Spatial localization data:
+--

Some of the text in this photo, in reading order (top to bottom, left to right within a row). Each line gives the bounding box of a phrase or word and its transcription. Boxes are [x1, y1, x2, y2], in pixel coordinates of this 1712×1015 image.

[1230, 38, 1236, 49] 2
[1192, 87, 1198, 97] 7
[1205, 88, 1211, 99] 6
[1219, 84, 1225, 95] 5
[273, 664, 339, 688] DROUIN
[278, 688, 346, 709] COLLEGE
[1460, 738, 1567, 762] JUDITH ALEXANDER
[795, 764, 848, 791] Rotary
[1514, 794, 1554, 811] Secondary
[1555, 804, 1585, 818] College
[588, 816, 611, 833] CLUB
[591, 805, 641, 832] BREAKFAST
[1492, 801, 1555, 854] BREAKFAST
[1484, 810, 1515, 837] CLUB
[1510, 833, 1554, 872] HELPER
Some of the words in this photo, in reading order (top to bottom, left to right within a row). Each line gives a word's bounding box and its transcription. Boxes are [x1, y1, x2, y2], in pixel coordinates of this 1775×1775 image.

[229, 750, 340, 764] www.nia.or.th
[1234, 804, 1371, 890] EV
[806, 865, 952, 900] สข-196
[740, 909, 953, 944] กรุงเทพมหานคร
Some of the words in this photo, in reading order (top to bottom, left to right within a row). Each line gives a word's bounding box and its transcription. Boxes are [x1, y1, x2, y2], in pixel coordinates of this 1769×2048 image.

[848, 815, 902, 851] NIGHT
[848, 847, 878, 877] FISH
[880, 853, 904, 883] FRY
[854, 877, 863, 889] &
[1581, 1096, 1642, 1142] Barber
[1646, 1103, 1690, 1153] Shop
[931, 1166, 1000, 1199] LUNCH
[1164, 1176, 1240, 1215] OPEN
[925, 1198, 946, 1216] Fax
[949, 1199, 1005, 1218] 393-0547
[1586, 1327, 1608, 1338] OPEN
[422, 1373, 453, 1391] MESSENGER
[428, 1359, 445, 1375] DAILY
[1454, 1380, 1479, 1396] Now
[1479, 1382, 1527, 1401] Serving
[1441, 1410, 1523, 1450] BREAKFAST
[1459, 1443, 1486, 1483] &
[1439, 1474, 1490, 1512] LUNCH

+--

Task goal =
Quote every entry exactly.

Exercise result =
Some of the text in this photo, in reading order (top to bottom, left to right within a row). Each line gives the bounding box of a phrase or word and its transcription. Boxes are [x1, y1, x2, y2], in pixel coordinates of this 1712×1015 image.

[1230, 38, 1236, 49] 2
[1192, 87, 1198, 97] 7
[1205, 88, 1211, 99] 6
[1219, 84, 1225, 95] 5
[273, 664, 339, 688] DROUIN
[278, 688, 346, 709] COLLEGE
[1460, 738, 1567, 762] JUDITH ALEXANDER
[795, 764, 848, 791] Rotary
[1514, 794, 1554, 811] Secondary
[1555, 804, 1585, 818] College
[588, 816, 611, 833] CLUB
[591, 805, 641, 832] BREAKFAST
[1492, 801, 1555, 854] BREAKFAST
[1484, 810, 1515, 837] CLUB
[1510, 833, 1554, 872] HELPER
Some of the words in this photo, in reading order (top to bottom, left to right within a row). Each line gives a word's bounding box and its transcription. Boxes are [x1, y1, x2, y2], in pixel coordinates of this 1775×1775 image.

[229, 750, 340, 764] www.nia.or.th
[1234, 804, 1371, 890] EV
[806, 865, 952, 900] สข-196
[740, 909, 953, 944] กรุงเทพมหานคร
Some of the words in this photo, in reading order (top to bottom, left to right within a row). Each line gives a word's bounding box and its transcription. Boxes are [x1, y1, x2, y2], in pixel coordinates of this 1769×2048 image.

[848, 815, 902, 851] NIGHT
[848, 847, 878, 877] FISH
[880, 853, 904, 883] FRY
[854, 877, 863, 889] &
[1581, 1096, 1642, 1142] Barber
[1646, 1103, 1690, 1153] Shop
[931, 1166, 1000, 1199] LUNCH
[1164, 1176, 1240, 1215] OPEN
[925, 1198, 946, 1216] Fax
[949, 1199, 1005, 1218] 393-0547
[1586, 1327, 1608, 1338] OPEN
[422, 1373, 453, 1391] MESSENGER
[428, 1359, 445, 1375] DAILY
[1454, 1380, 1479, 1396] Now
[1479, 1382, 1527, 1401] Serving
[1441, 1410, 1523, 1450] BREAKFAST
[1459, 1443, 1486, 1483] &
[1439, 1474, 1490, 1512] LUNCH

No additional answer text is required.